The jail was called the Convict Gaol, and lunatics were taken care of by the inmates [21]. Conditions in the jail were far from ideal [22]. Overcrowding was still the biggest problem [23]. In 1835, Senior Surgeon William Montgomerie, who had been promoted and had returned to Singapore in 1832, received orders for himself and Assistant Surgeon Thomas Oxley to continue visiting the lunatics and convicts in the jail in their capacity as Medical Officers [24]. Instead of improvements in mental health care, by 1837 the practice of putting lunatics in jail became more ingrained [25]. Special allowances were given to the Sheriff’s Department, instead of the Medical Department, for care of lunatics: “Gaoler 25 Rupees; Overseer 15 Rupees; Two Convicts 10 Rupees” [26]. Public outcry regarding mental health care started in 1838 [27]. In the Singapore Free Press forum on 21 February 1838, it was argued that “it has been proved that in recent cases of insanity under judicious treatment, as large a proportion of recoveries will take place as from any other acute disease of equal severity” [28] and the Editor added his comments highlighting the fact that “there is space enough in the hospital yard to construct a suitable building for their reception, and we hope that the absolute necessity there exists for providing something in the nature of a Lunatic Asylum will not be overlooked.” [29] Despite that, little was done to improve the situation.

The wakeup call came in October 1840, when one of the lunatics was killed by another in the jail [30]. Bonham, who had become Governor by then, immediately requested that Montgomerie write “a report on the number and state of the lunatics under treatment, and also suggestions for their better management” [31]. Montgomerie reported on 16 November 1840 that there were 22 insane patients and he expected that the yearly average of seventeen patients would increase with growth of the settlement [32]. In the report, he also suggested the Lunatic Asylum be built for 24 patients and should anymore room be needed, buildings would be added on [33]. In addition, floors “should be laid with bricks on edge, embedded in good mortar so as to admit of being washed, and prevent the patients lifting the floors, which constructed with tiles as in the Jail, they have been enabled to do so;” [34] and “wood for the walls and bed places in consequence of very bad effects having arisen from patients in the Jail having destroyed the bed places and by squatting on the floor and leaning against cold walls, have in several instances cramped their limbs and stiffened their joints so as to cause lameness” [35]. Montgomerie also submitted a plan and estimate for $775.16 [36]. He did not suggest sending lunatics to India because he felt that they would feel more comfortable “among their countrymen than among strangers” [37].

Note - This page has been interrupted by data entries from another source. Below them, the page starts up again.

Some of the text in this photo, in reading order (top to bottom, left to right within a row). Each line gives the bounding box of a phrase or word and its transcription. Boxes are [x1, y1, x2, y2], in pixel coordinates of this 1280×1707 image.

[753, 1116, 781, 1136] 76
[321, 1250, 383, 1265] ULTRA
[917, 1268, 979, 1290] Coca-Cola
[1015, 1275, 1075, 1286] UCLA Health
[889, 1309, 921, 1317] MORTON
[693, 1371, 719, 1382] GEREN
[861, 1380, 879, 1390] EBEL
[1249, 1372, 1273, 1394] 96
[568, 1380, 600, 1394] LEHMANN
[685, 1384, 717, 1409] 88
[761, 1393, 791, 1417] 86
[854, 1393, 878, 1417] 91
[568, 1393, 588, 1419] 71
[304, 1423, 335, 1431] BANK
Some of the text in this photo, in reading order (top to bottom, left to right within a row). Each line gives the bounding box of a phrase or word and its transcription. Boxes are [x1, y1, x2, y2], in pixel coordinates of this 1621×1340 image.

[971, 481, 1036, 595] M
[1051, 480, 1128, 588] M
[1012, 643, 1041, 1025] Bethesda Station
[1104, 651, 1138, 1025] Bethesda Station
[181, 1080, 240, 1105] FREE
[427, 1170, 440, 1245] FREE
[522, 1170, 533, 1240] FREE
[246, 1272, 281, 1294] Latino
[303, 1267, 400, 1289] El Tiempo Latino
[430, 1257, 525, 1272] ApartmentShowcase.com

On 28 November 1840, Governor Bonham presented the case to the Government of Bengal [38]. The Governor of Bengal accepted the plan on the recommendation of the Military and Medical Boards [39]. The Asylum was to be built for “’the custody of the patients’ and the same number of staff attended them as when they were in the Jail” [40]. The resolution, dated 12 May 1841, had stated that the “gross expense [was] not to exceed $775.10” [41]. The eventual amount spent was slightly higher than that [42].

The First Hospital for the Mentally Ill (1841 - 1928)

The Insane Hospital was completed in 1841 [43]. It was situated at the corner of Bras Basah Road and Bencoolen Street [44]. In spite of the unfortunate death that occurred, due regard was still not given to mental health care [45]. Conditions at the Hospital were not better than had been at Convict Gaol [46]. It was a 30-bed hospital, and “the number of lunatics seldom exceeded 30 or 40” [47]. The lunatics were taken care of by warders who also guarded the convicts jailed in the adjacent brick structure [48].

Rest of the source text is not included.